Sunday, August 14, 2016

Take Down the Safety Net

Illustration - Alex Nabaum, NYT

Much has been made about Columbus bouncing around the bottom of the table all year. As a team performance this year - it is a flying "F" for Fail. This is the beauty of sports right? It's simple. You're near last out of a specific set of things. Don't be last.

Years ago General Electric head Jack Welch implemented his own form of promotion and relegation in the workplace. It was meant to weed out the poor performers and reward the best. It was ruthless and cold but it worked. 

What Welch did was / is called "rank and yank." The basics here are to reward the top 10-20% and cut the bottom 10%. It proved to be extremely effective in his time with GE. He grew the company by some 28 fold. 

In sports, you often get a conflict of cultures. One is obviously the sports one and the other being the business. In recent decades... let's say, since Larry Bird and Magic Johnson, the business side of sports has overtaken the jock side. It's to the point these days where the actual competition is everything off the field and has very little to do with what's on it.

Fast forward to 2005 or so and now you even on the "sports" side, you see the jock / meathead type getting crowded out of their own domain by they analytic approach. Looking at it this way shows which culture is winning out; The rise fo sports business begat analytics and that killed the jock.


Looking at MLS head coaches you see a lot of sameness. 18 of the 20 are 37-49 years of age, 15 from the US and 11 of them played together at some point from the late 1990s through the 2000s on the USMNT.

Gregg Berhalter checks off all those boxes. It's almost like some sort of simple Google algorithm could've predicted it. One the surface all of this looks horrible. Add race and it looks even worse. It's a club. Other US leagues are like this but there's one massive difference. The rest of the world does not play the damn sport.

Within this club we see a mildly paced march away from the meathead (let's put Peter Vermes in there along with Pablo Mastroeni and Jay Heaps) and towards an enlightened and reformed man that was born in 70s, grew up in the Jack Welch (and Roger Smith) 80s, formed their game in the 90s - 00s and is now coaching in our modern analytic time (the league structure that opens the door for this, not discussing it directly here today).

"Ten Games?
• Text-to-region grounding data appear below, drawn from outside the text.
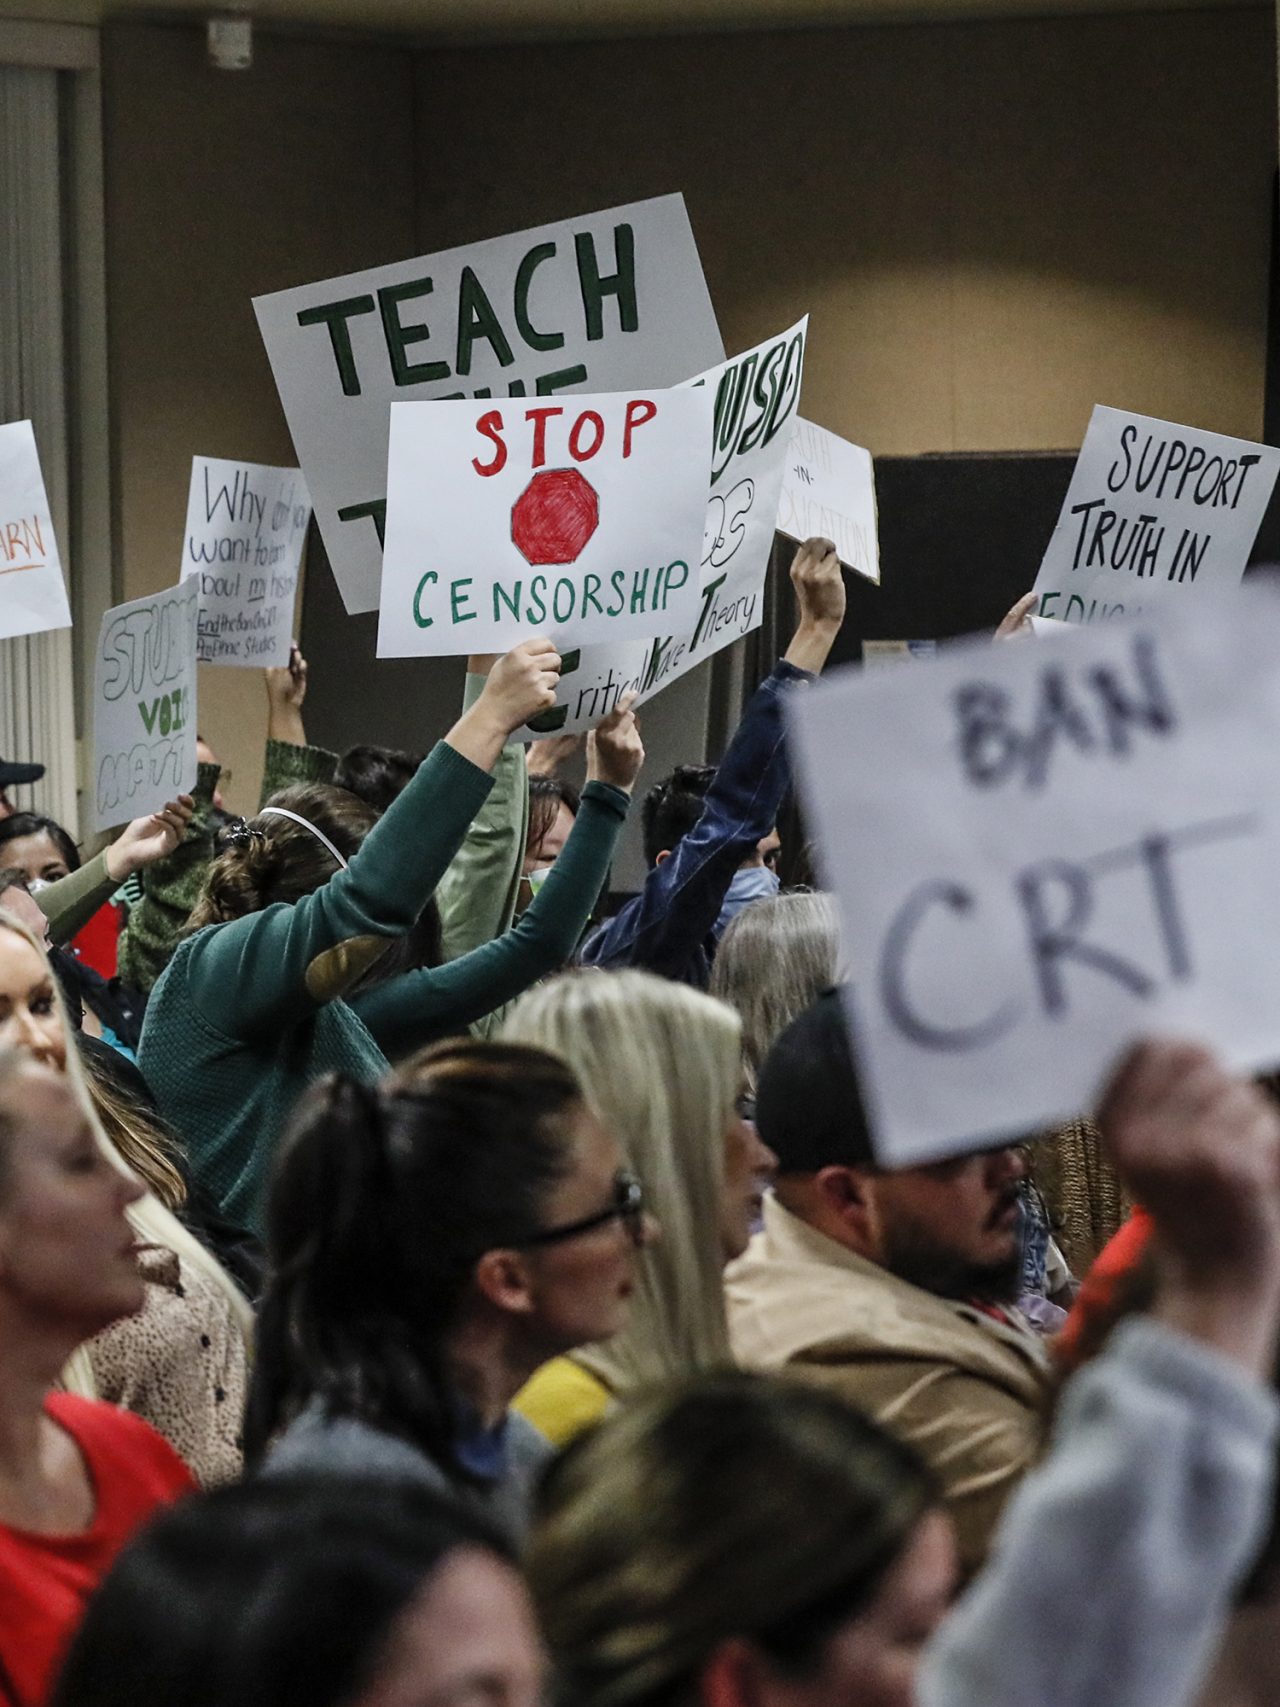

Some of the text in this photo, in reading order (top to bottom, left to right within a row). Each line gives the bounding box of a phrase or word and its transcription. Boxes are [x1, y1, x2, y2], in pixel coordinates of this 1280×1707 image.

[297, 223, 639, 396] TEACH
[472, 399, 658, 478] STOP
[1108, 425, 1261, 509] SUPPORT
[204, 466, 267, 538] Why
[1071, 498, 1211, 583] TRUTH IN
[189, 536, 250, 564] want
[201, 571, 241, 597] bout
[413, 560, 689, 629] CENSORSHIP
[689, 572, 757, 653] Theory
[952, 632, 1176, 787] BAN
[877, 810, 1262, 1054] CRT
It seems a lot longer," is the quote in the Columbus Dispatch from Berhalter this morning after another home draw. Maybe it seems long because it's the longest the team has gone in its 20 years without a win.

Crew SC had two weeks to prepare for this game against NYCFC last night only to see it devolve into a chaotic MLS match filled with penalties, fouls, generous amounts of extra-time for the home team and varying levels of effort and approach. To top it off, there was an hour-long weather delay that thinned out the crowd to about a third full. All this made last night's game seem like 10 games on its own.
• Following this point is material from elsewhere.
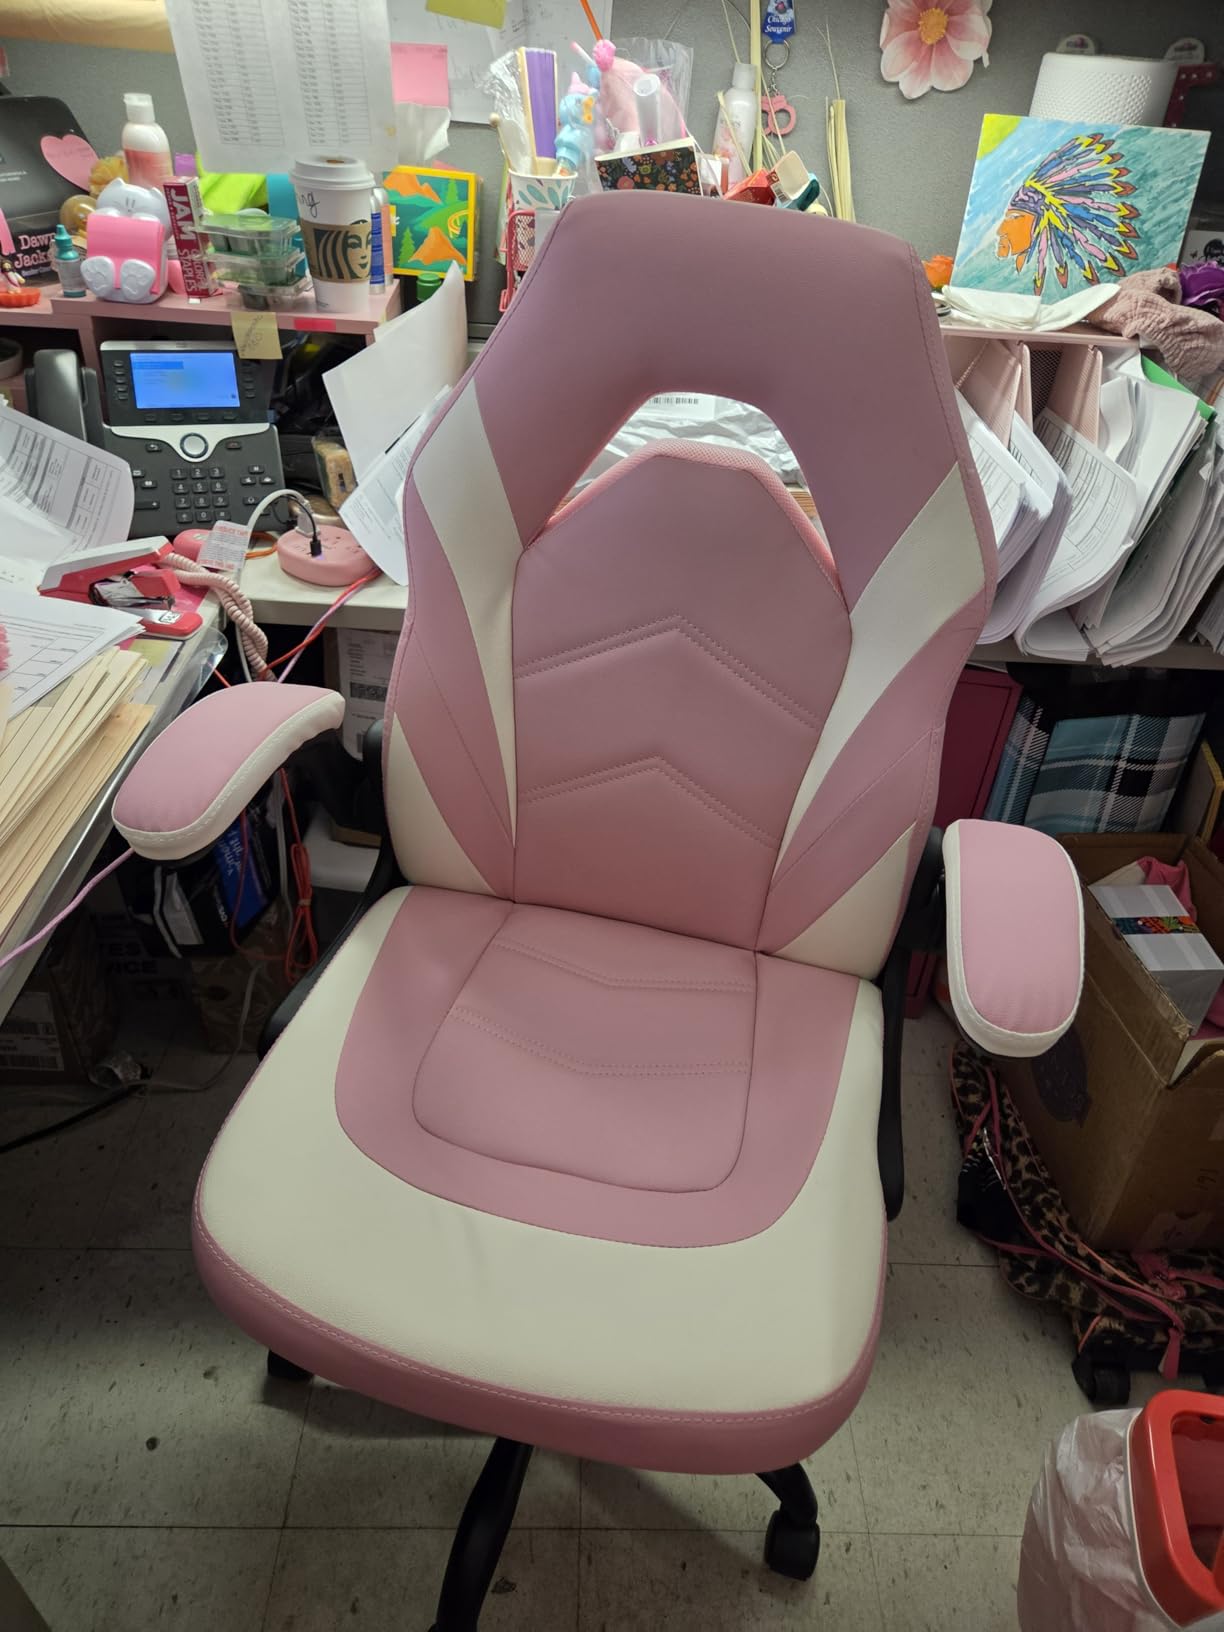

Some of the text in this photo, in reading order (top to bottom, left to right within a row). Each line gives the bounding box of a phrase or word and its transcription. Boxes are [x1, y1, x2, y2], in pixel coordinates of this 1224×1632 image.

From a competitive standpoint, Berhalter, both the Coach and Sporting Director, is the perfect candidate to be "yanked" for his performance in the bottom 10%. But Anthony Precourt is not Welch, and he's made it clear that he wants Berhalter to have a heavy hand in shaping his baby here in Columbus.

The question becomes is his nebulous role as part of the culture maker team in Columbus given him a pass in Precourt's eyes. The fall from where this team was last year, to where it is this year is a bad as it can get in MLS - but it seemingly appears that the accomplishments of last year are enough to let it slide this year. There's also a nebulous side of Precourt's selection of Berhalter and other leaders in the organization that they are there to be the creators of his culture with the franchise.

This makes it tricky to do anything with underperforming aspects of his team. A lack of simple segregation of duties has muddied the water at a time where you want to be finding the best and weeding out the worst. Not stubbornly holding on to what's not working.


Are you familiar with the boys club that is the Columbus Blue Jackets? A sports market like Columbus should absolutely be dropping the bottom and promoting the top. From ticket sales to concessions to players and managers.

There isn't time to wait around for it to bounce back. Look at the Columbus Blue Jackets. Look at the culture that was forged there early on their first 5-10 years. It's now embedded into the mindset and permeates every aspect of that NHL franchise. They are the poster child for what Crew SC should be trying to avoid, not replicate. Heck, look at the last three years under the previous operating group. A mirror image of a content culture.

Allowing a season drift bye like this sets a dangerous precedent for the future of the Columbus Crew SC under this new leadership. Maybe he's doing it behind closed doors and we don't see it, but quotes by Berhalter to the press suggest this isn't the case. Precourt needs to demand more from this first group of hires he has made. If not management changes, then simple and public calls for improvement. The same goes across the company. Do you want more butts in seats? A jersey sponsor the Sports Business Journal will write about? More games on national TV? Burn down the safety net. 

Bottom of the league should not be acceptable. Demand improvement. Expect results. That's the culture needed in these critical early times and results on the pitch are big part of that.